The ideal biomarker for malignant GCTs would be: stable within body fluids; abundant compared with levels in individuals who were healthy, had benign GCTs or non-GCT pathology; and present regardless of patient age (paediatric or adult), anatomical site of disease (gonadal or extragonadal, including intracranial) or histological subtype (e.g., YST, germinoma and EC) (Murray and Coleman, 2012). Recent years have seen the emergence of microRNAs (miRNAs) as a new generation of biomarkers in malignant GCTs (Murray and Coleman, 2012). MicroRNAs are short, non-protein coding RNAs that are highly stable and well-suited for disease diagnosis and monitoring (Mitchell et al, 2008). We previously demonstrated that the eight main miRNAs from the miR–371–373 and miR–302/367 clusters were overexpressed in all malignant GCT tissues (Palmer et al, 2010). By using a multiplexed qRT–PCR protocol, we identified that levels of miRNAs from these two clusters were elevated in the serum of a paediatric patient at the time of diagnosis of an extragonadal malignant GCT, with levels falling and remaining low during uneventful clinical follow-up (Murray et al, 2011b). In the same year, we confirmed these serum findings in extracranial malignant GCTs across a range of representative ages (paediatric and adult), anatomical sites (gonadal and extragonadal) and histological subtypes (YST, germinoma and EC), the majority of which were AFP/HCG marker-negative (Murray et al, 2011a; Murray and Coleman, 2012).

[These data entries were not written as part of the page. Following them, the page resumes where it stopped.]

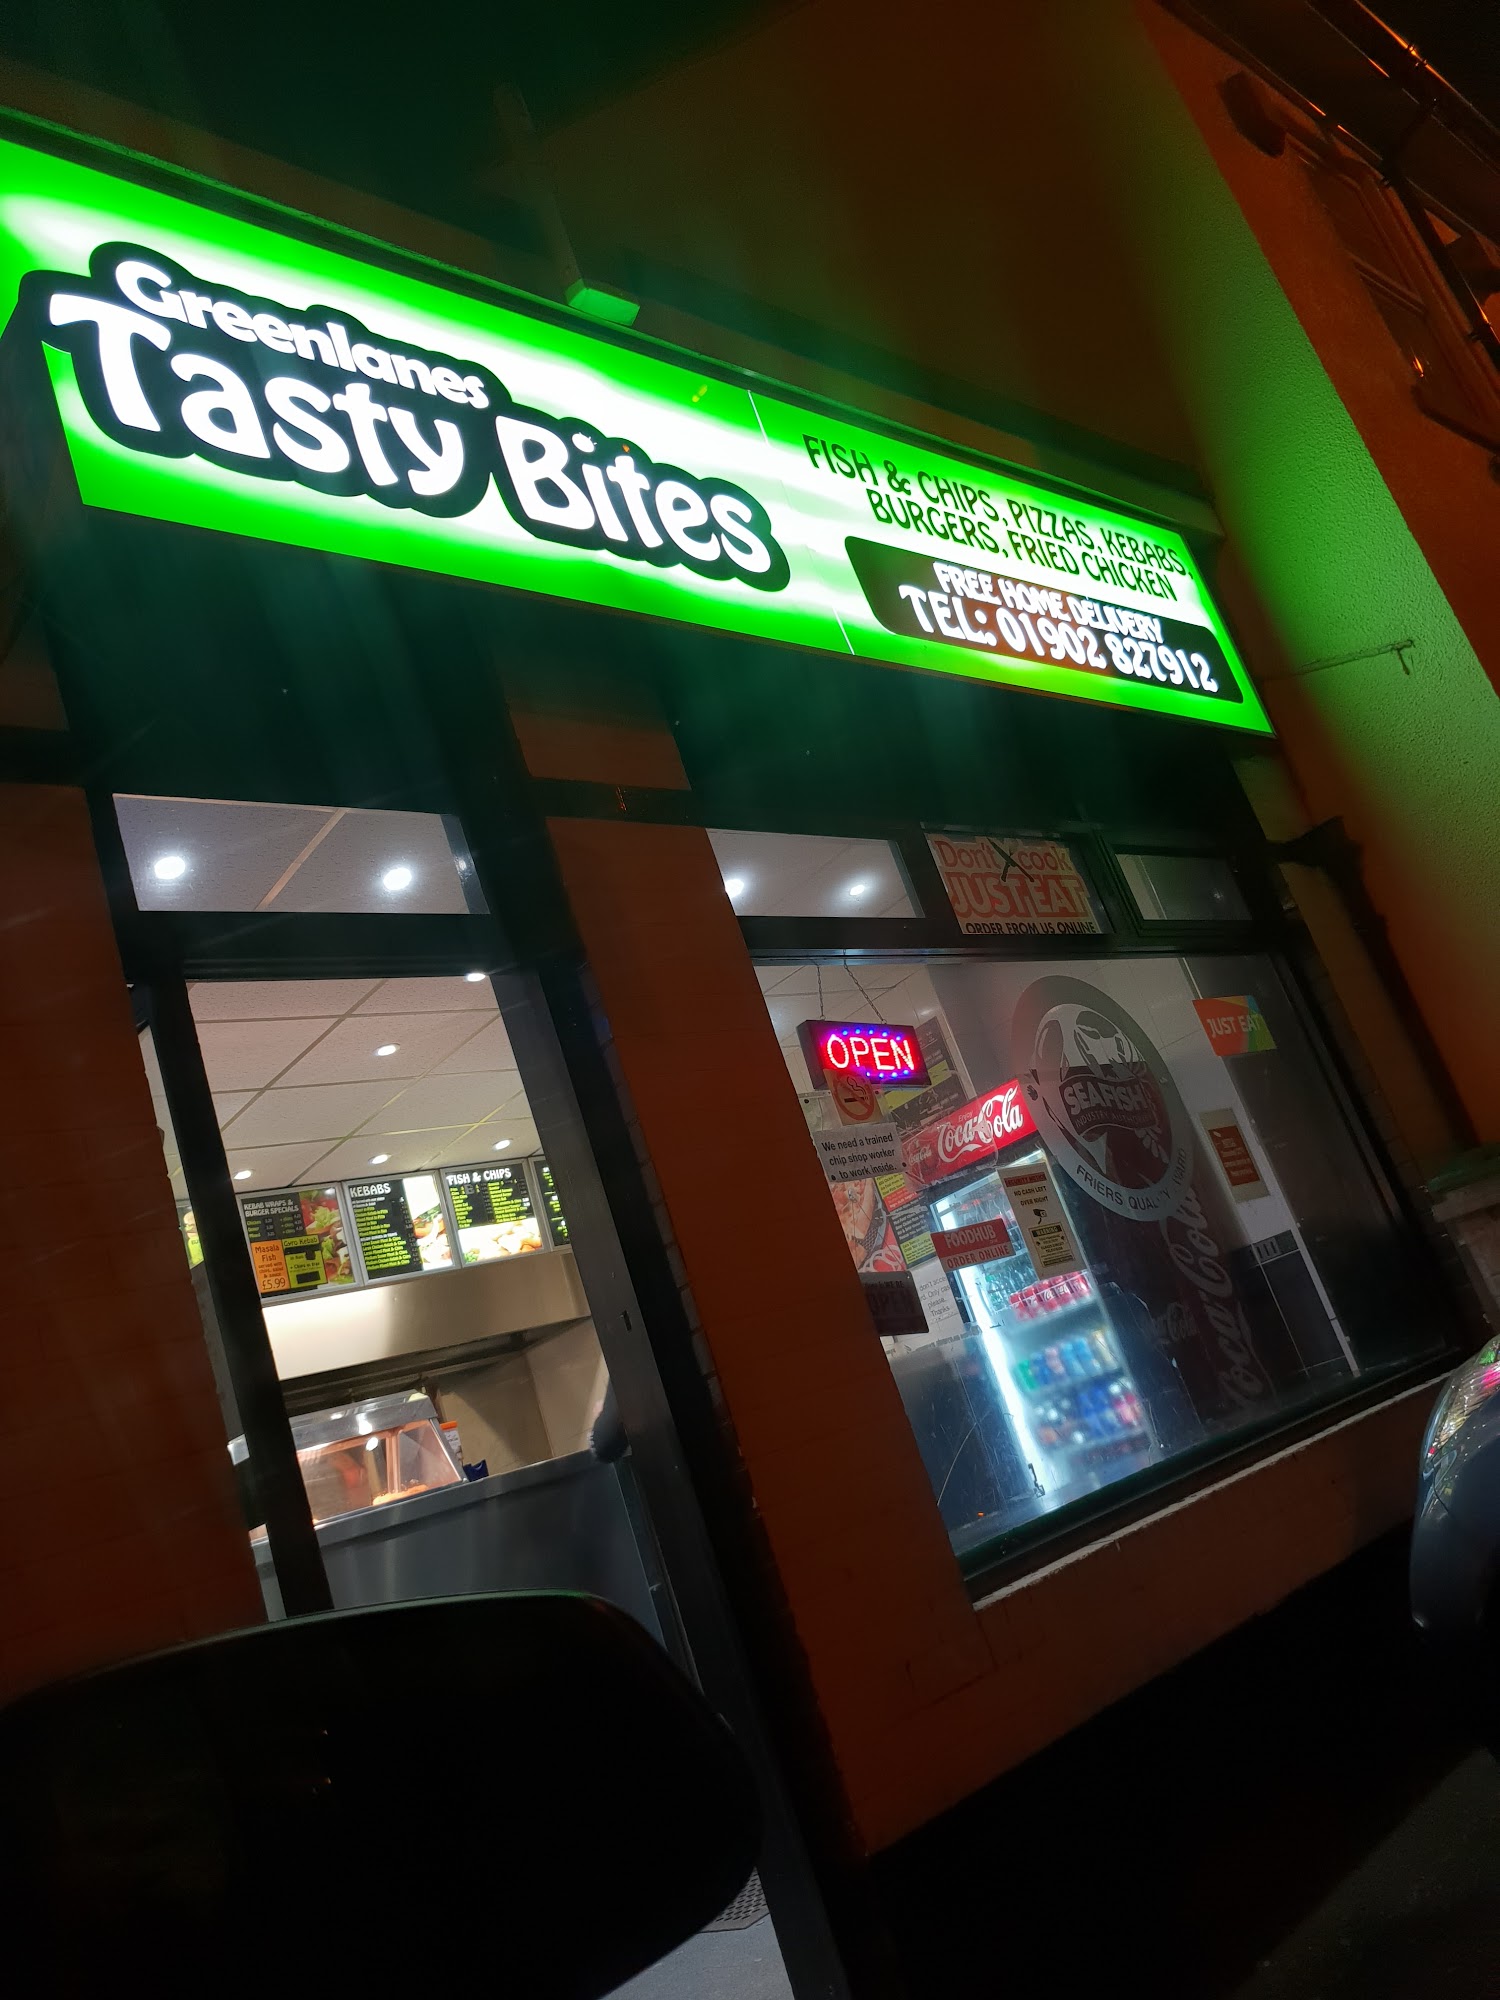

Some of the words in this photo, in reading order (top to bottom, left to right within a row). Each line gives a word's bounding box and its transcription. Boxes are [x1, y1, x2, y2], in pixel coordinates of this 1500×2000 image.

[114, 260, 490, 409] Greenlanes
[49, 293, 466, 496] Tasty
[495, 415, 773, 574] Bites
[802, 434, 878, 486] FISH
[886, 459, 912, 496] &
[917, 470, 1008, 527] CHIPS,
[1007, 498, 1104, 554] PIZZAS,
[1100, 527, 1195, 581] KEBABS,
[866, 488, 1009, 559] BURGERS,
[1011, 530, 1081, 576] FRIED
[1081, 551, 1178, 602] CHICKEN
[933, 561, 999, 604] FREE
[999, 578, 1072, 621] HOME
[1068, 596, 1165, 644] DELIVERY
[898, 585, 998, 647] TEL:
[996, 607, 1108, 669] 01902
[1105, 632, 1219, 693] 827912
[935, 840, 1001, 870] Don't
[1017, 846, 1073, 871] cook
[948, 875, 1028, 915] JUST
[1026, 876, 1087, 914] EAT
[966, 922, 1003, 934] ORDER
[1006, 922, 1038, 934] FROM
[1039, 922, 1055, 934] US
[1057, 921, 1097, 934] ONLINE
[1206, 1016, 1237, 1039] JUST
[1238, 1014, 1262, 1033] EAT
[826, 1034, 915, 1071] OPEN
[1063, 1081, 1150, 1116] SEAFISH
[937, 1085, 1024, 1163] Coca-Cola
[821, 1142, 836, 1152] We
[837, 1138, 858, 1150] need
[866, 1132, 893, 1145] trained
[829, 1154, 848, 1168] chip
[848, 1152, 869, 1165] shop
[868, 1148, 895, 1160] worker
[446, 1173, 471, 1186] FISH
[472, 1172, 481, 1182] &
[483, 1168, 512, 1181] CHIPS
[839, 1169, 849, 1180] to
[849, 1167, 870, 1178] work
[871, 1162, 897, 1174] inside.
[349, 1182, 391, 1197] KEBABS
[1022, 1187, 1035, 1195] CASH
[1035, 1185, 1047, 1193] LEFT
[1076, 1164, 1123, 1206] FRIERS
[1129, 1187, 1171, 1210] QUALY
[243, 1201, 264, 1210] KEBAB
[265, 1199, 286, 1209] WRAPS
[1020, 1198, 1034, 1206] OVER
[1034, 1195, 1049, 1204] NIGHT
[244, 1208, 270, 1217] BURGER
[270, 1205, 300, 1214] SPECIALS
[299, 1237, 318, 1245] Kebab
[943, 1224, 997, 1249] FOODHUB
[255, 1244, 280, 1253] Masala
[261, 1254, 277, 1262] Fish
[947, 1253, 978, 1269] ORDER
[979, 1244, 1010, 1260] ONLINE
[262, 1277, 286, 1290] £5.99
[927, 1288, 941, 1299] Only
[926, 1296, 945, 1310] please
[930, 1304, 951, 1317] Thanks

Although our serum miRNA findings in malignant GCTs have since been confirmed and extended, the published studies have exclusively (Belge et al, 2012; Dieckmann et al, 2012; Rijlaarsdam et al, 2015; Spiekermann et al, 2015a; Syring et al, 2015) or predominantly (Gillis et al, 2013) involved adult testicular tumours. In such cases, a consensus panel of four serum miRNAs from the miR–371–373 and miR–302/367 clusters (namely miR–371a–3p, miR–372–3p, miR–373–3p and miR–367–3p) has been shown to be highly sensitive and specific for detecting malignant GCTs (Gillis et al, 2013; Syring et al, 2015). The present study represents the first systematic interrogation of expression of these miRNA clusters in serum/cerebrospinal fluid (CSF) samples from patients with paediatric malignant GCTs. Our analysis included serum levels at diagnosis for both ovarian and testicular disease, early detection of relapse and levels in CSF and serum in intracranial disease. Our investigation of the utility of these miRNAs is underpinned by the development of a robust pipeline for their quantification, including essential quality control (QC) steps. The pipeline is scalable, transferable and suitable for widespread adoption into routine clinical practice.

Materials and Methods

The study received approval from the Multicentre Research Ethics Committee (reference 02/4/71) and Cambridge Local Research Ethics Committee (reference 01/128), and was performed with full informed parental consent. All experimental steps were compliant with the minimum information for publication of quantitative real-time PCR experiments (MIQE; Bustin et al, 2009). Full details are available on request.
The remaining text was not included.